The sixth-seeded Dons (16-15) advanced to the semifinals for the second straight year, against Towson Catholic, which won both regular-season games.
Melchor, who had 11 points and a game-high 11 rebounds, snatched Reggie Gray's miss under the basket and was fouled putting in the winning shot. He missed the free throw, but Goretti's last shot was way short.
"When I saw Reggie [Gray] throw the ball up and it was going to be short, I knew I had to do something," said Melchor, a 6-foot-8 senior center. "Coach [Jerry Savage] always tells me go to the baseline, get around my man, and grab the rebound. I just put it up."
St. Joe rally tops Spalding
No. 12-ranked Mount St. Joseph scored nine of the game's final 13 points, rallying for a 63-60 quarterfinal win over No. 13 Archbishop Spalding last night.
Fourth-seeded St. Joe (22-8), which will play eighth-seeded Calvert Hall in a semifinal at 7: 30 p.m. tomorrow, trailed 56-54 after Derrick Goode (20 points, 9-for-10 shooting) hit a layup for Spalding (17-17) with 3: 09 left.

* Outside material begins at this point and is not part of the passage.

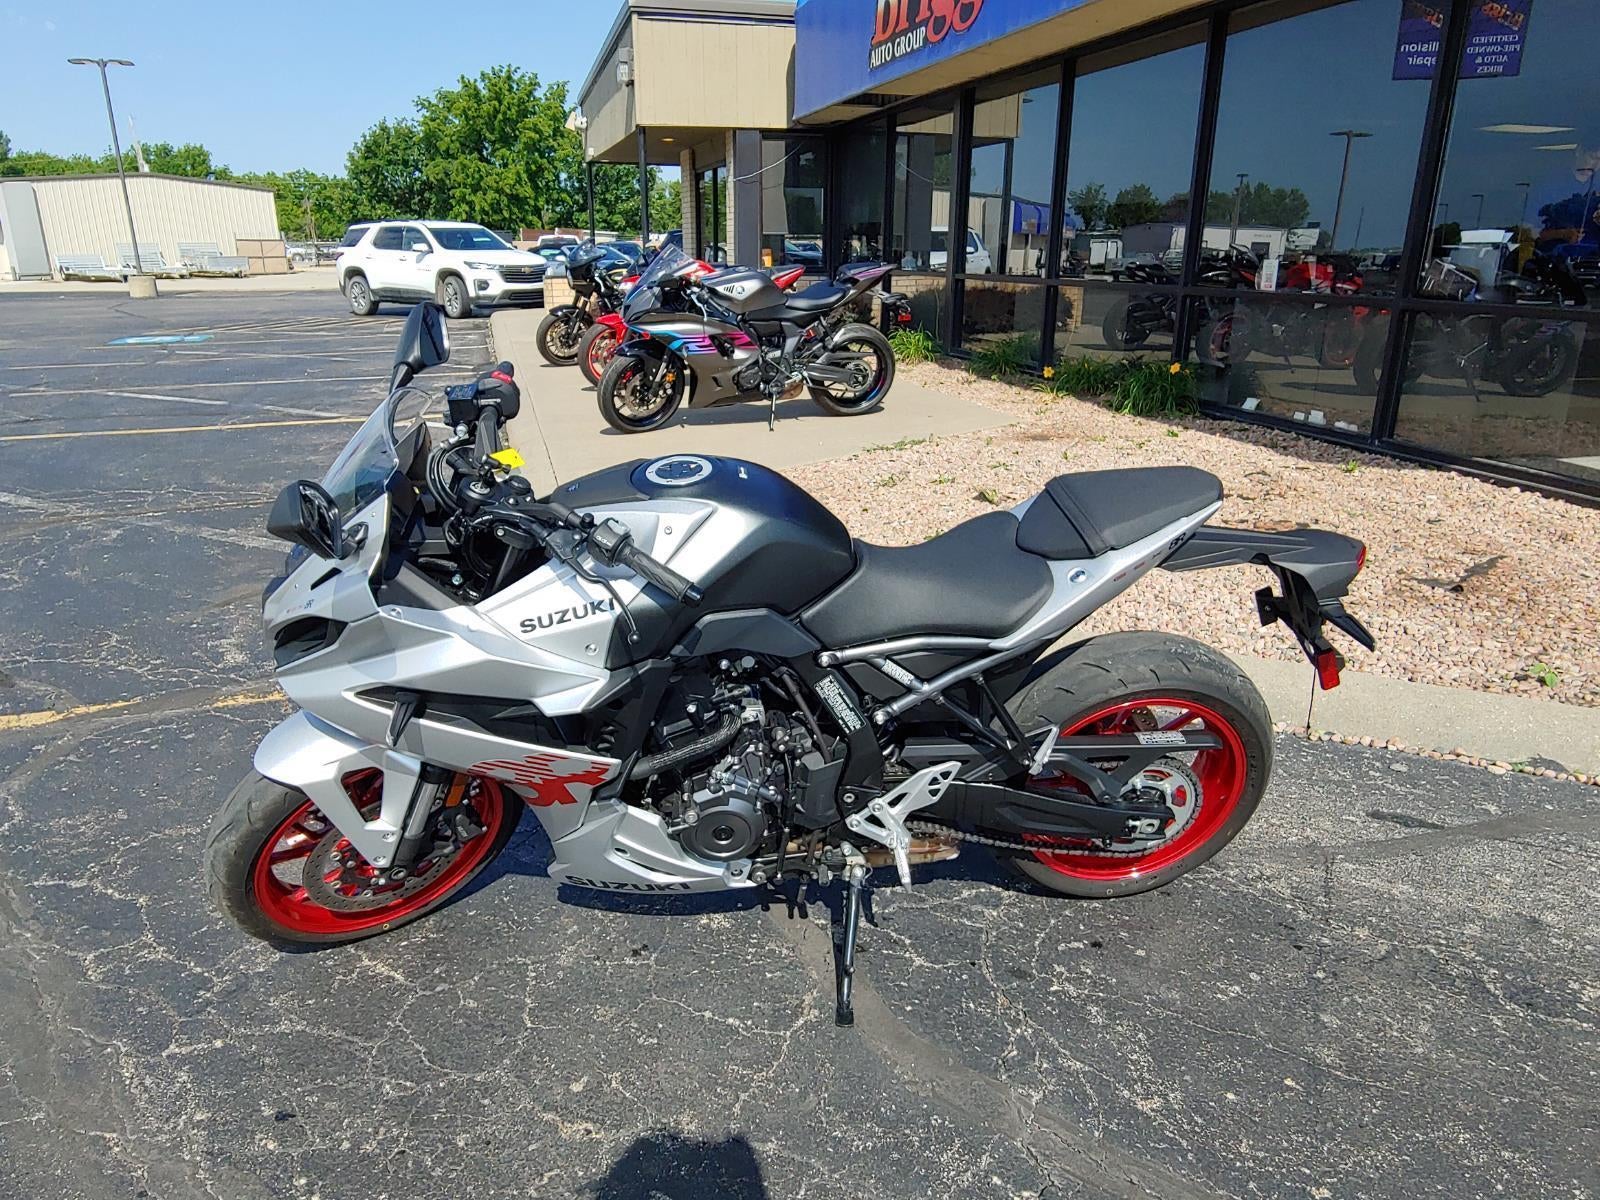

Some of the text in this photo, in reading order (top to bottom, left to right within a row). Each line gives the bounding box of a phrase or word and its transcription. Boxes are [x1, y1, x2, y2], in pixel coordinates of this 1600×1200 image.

[870, 26, 926, 68] AUTO GROUP
[519, 597, 615, 634] SUZUKI
[565, 875, 691, 892] SUZUKI

But Torrey Butler (17 points) tied it with a layup, and Aaron Goode gave the Gaels the lead for good at 59-56 with a three-pointer from the right corner with 1: 30 left. Goode sliced it to one with a tip-in, but Howard Randall (13 points) made it 61-58 with a steal and a layup with 30 seconds left.
Spalding tried to tie, but it missed a pair of three-pointers.